━━━━━ DATA SHOWN ━━━━━
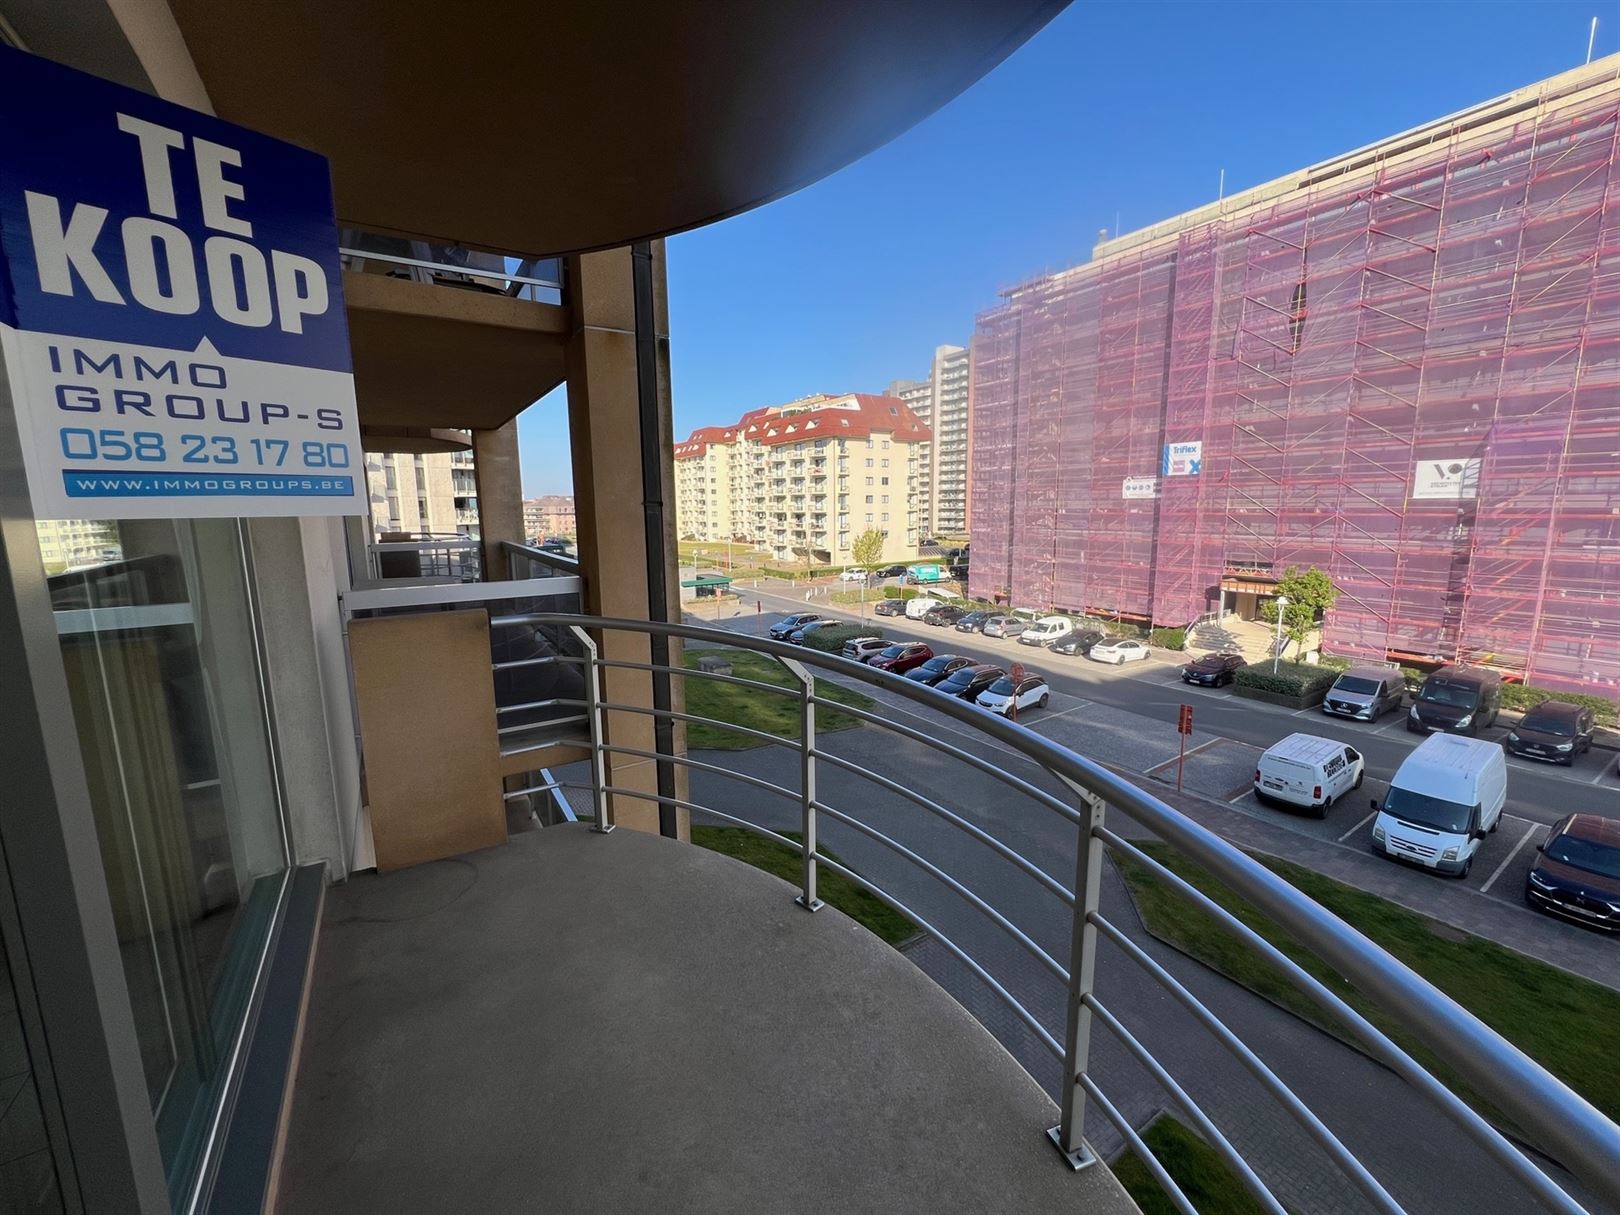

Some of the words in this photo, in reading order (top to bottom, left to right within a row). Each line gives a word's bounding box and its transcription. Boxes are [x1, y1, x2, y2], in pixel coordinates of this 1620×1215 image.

[116, 112, 253, 238] TE
[24, 190, 328, 334] KOOP
[49, 346, 227, 389] IMMO
[55, 385, 343, 430] GROUP-S
[59, 428, 166, 462] 058
[181, 434, 239, 464] 23
[251, 439, 289, 466] 17
[302, 442, 349, 468] 80
[1173, 446, 1197, 454] Triflex
[77, 480, 345, 490] WWW.IMMOGROUPS.BE
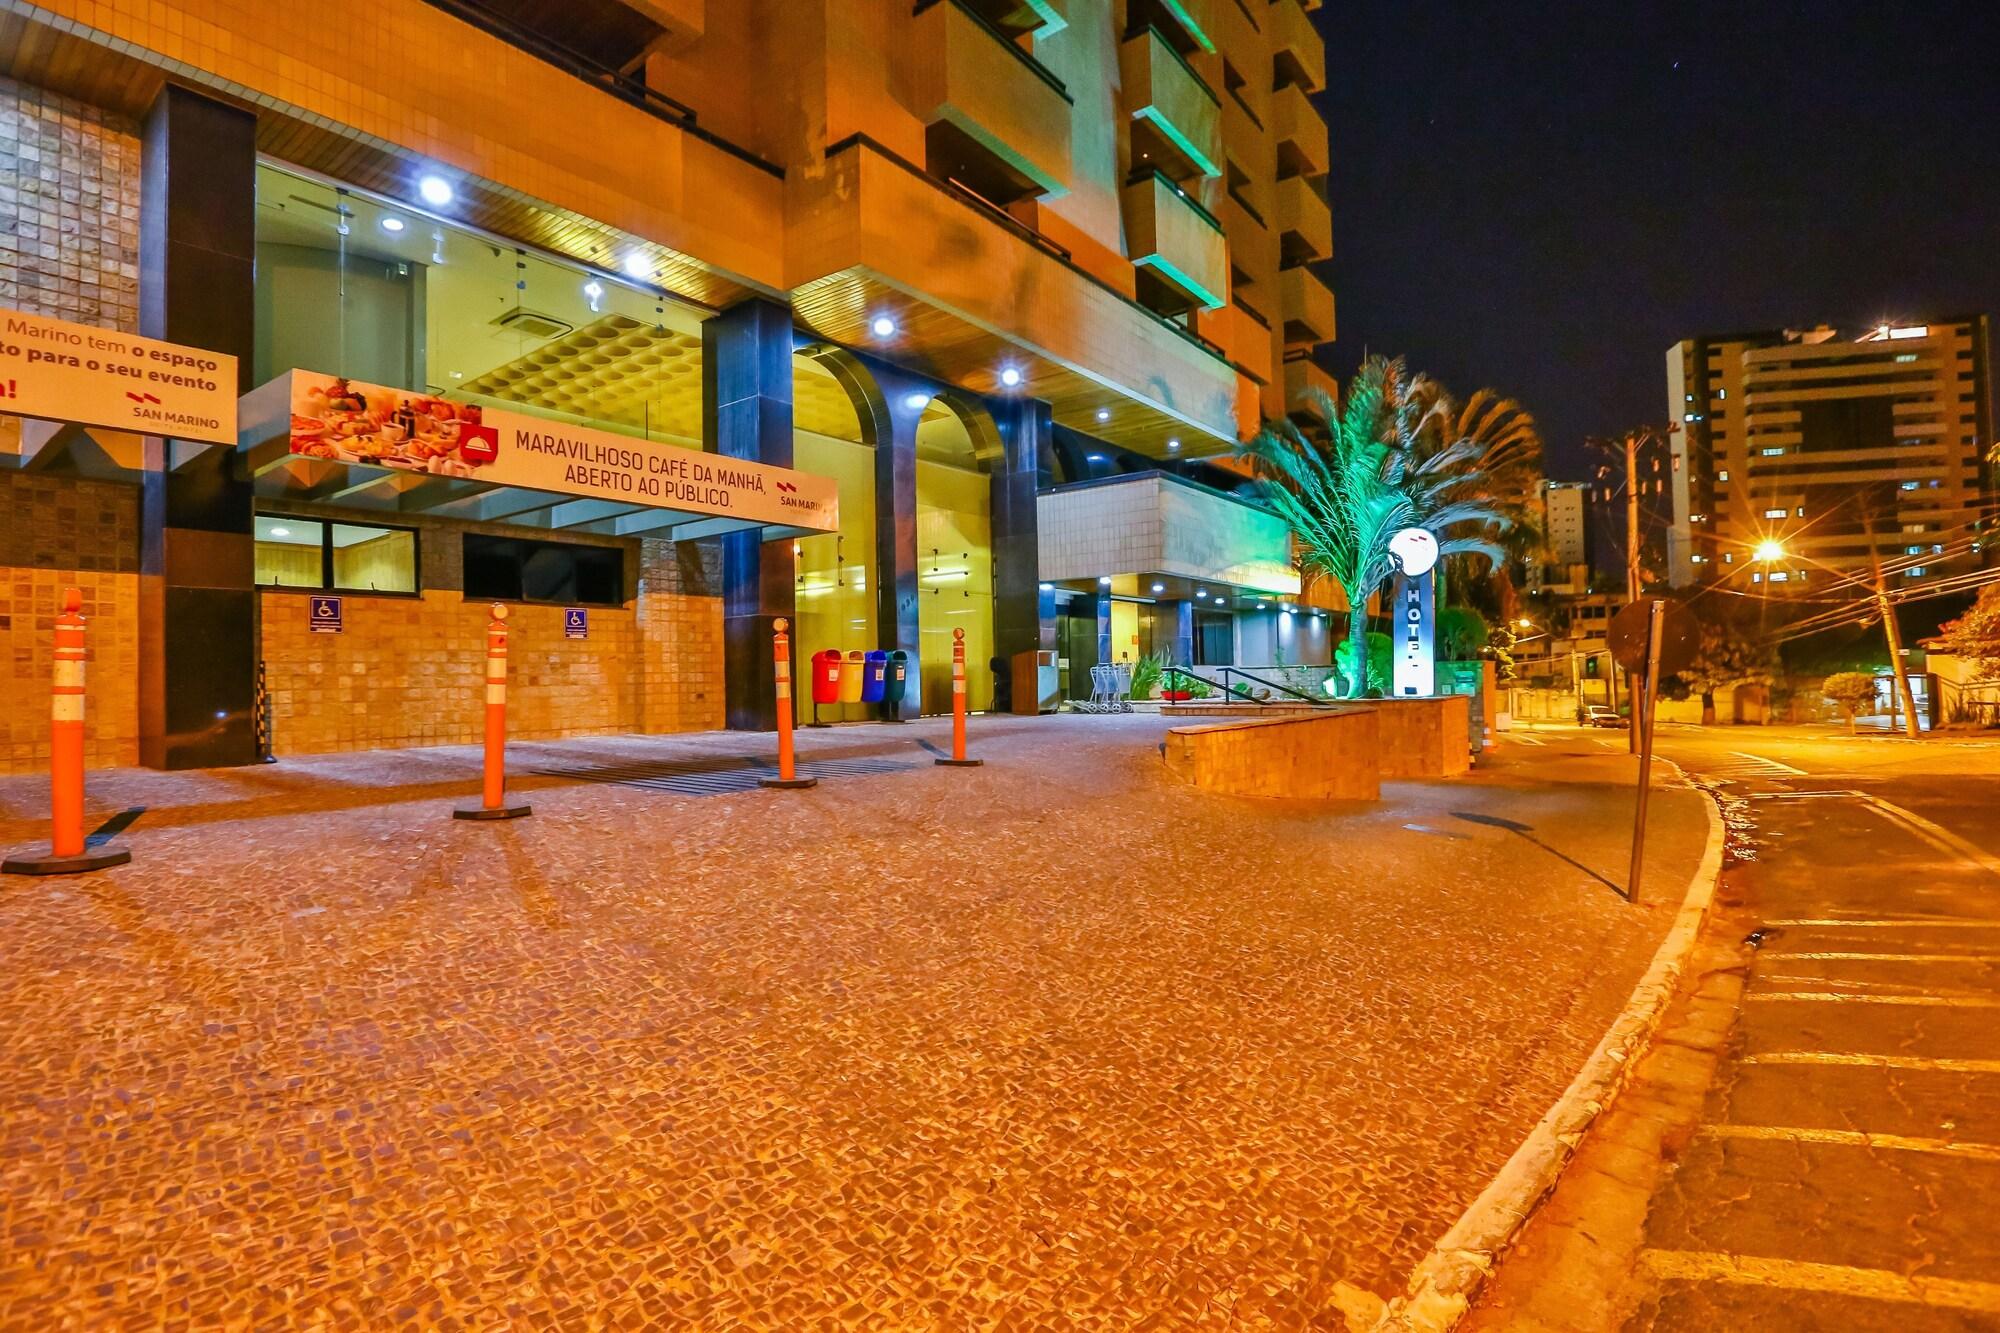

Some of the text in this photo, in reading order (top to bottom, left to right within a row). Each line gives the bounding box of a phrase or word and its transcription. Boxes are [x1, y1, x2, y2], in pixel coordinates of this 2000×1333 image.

[7, 318, 217, 372] Marino tem o espaço
[27, 348, 80, 367] para
[86, 360, 100, 371] o
[105, 362, 142, 378] seu
[148, 370, 217, 391] evento
[133, 407, 161, 420] SAN
[164, 412, 219, 429] MARINO
[516, 429, 767, 495] MARAVILHOSO CAFÉ DA MANHÃ,
[565, 464, 733, 508] ABERTO AO PÚBLICO.
[780, 496, 797, 507] SAN
[1407, 589, 1421, 673] HOTE
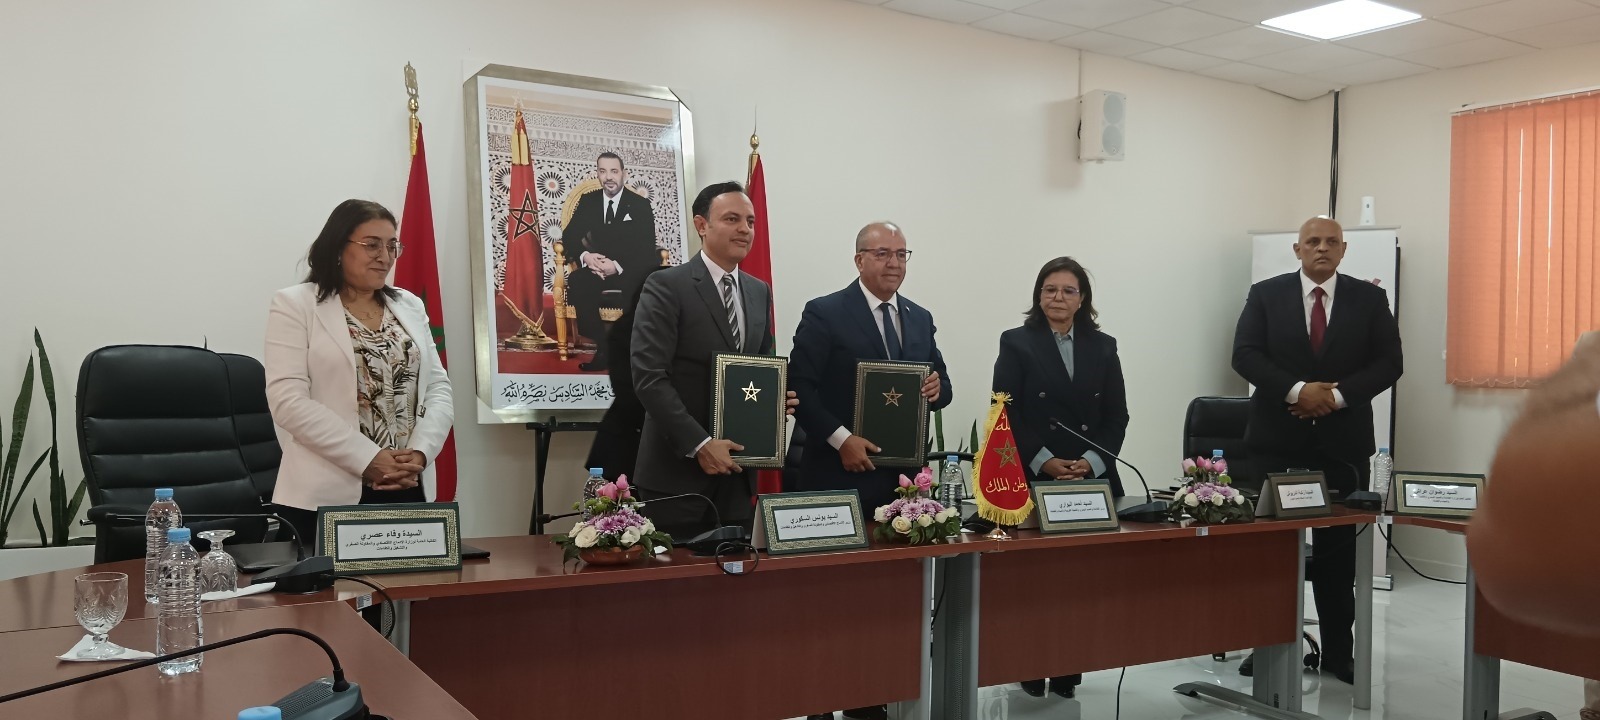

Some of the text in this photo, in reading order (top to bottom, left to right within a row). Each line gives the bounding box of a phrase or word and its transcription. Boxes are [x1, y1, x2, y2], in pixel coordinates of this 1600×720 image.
━━━━━
REQUIREMENT: Could you repeat the entries word for word, skipping the pictures they contain?

SOLUTION TO THIS PROBLEM:
Some of the words in this photo, in reading order (top to bottom, left to right within a row). Each line gives a word's bounding box and its transcription. Boxes are [x1, y1, x2, y2], in pixel coordinates of this 1620×1215 image.

[116, 112, 253, 238] TE
[24, 190, 328, 334] KOOP
[49, 346, 227, 389] IMMO
[55, 385, 343, 430] GROUP-S
[59, 428, 166, 462] 058
[181, 434, 239, 464] 23
[251, 439, 289, 466] 17
[302, 442, 349, 468] 80
[1173, 446, 1197, 454] Triflex
[77, 480, 345, 490] WWW.IMMOGROUPS.BE

Some of the text in this photo, in reading order (top to bottom, left to right within a row). Each line gives the bounding box of a phrase or word and its transcription. Boxes are [x1, y1, x2, y2], in pixel coordinates of this 2000×1333 image.

[7, 318, 217, 372] Marino tem o espaço
[27, 348, 80, 367] para
[86, 360, 100, 371] o
[105, 362, 142, 378] seu
[148, 370, 217, 391] evento
[133, 407, 161, 420] SAN
[164, 412, 219, 429] MARINO
[516, 429, 767, 495] MARAVILHOSO CAFÉ DA MANHÃ,
[565, 464, 733, 508] ABERTO AO PÚBLICO.
[780, 496, 797, 507] SAN
[1407, 589, 1421, 673] HOTE

Some of the text in this photo, in reading order (top to bottom, left to right within a row). Each line gives the bounding box of a phrase or word and its transcription. Boxes are [x1, y1, x2, y2], in pixel coordinates of this 1600×720 image.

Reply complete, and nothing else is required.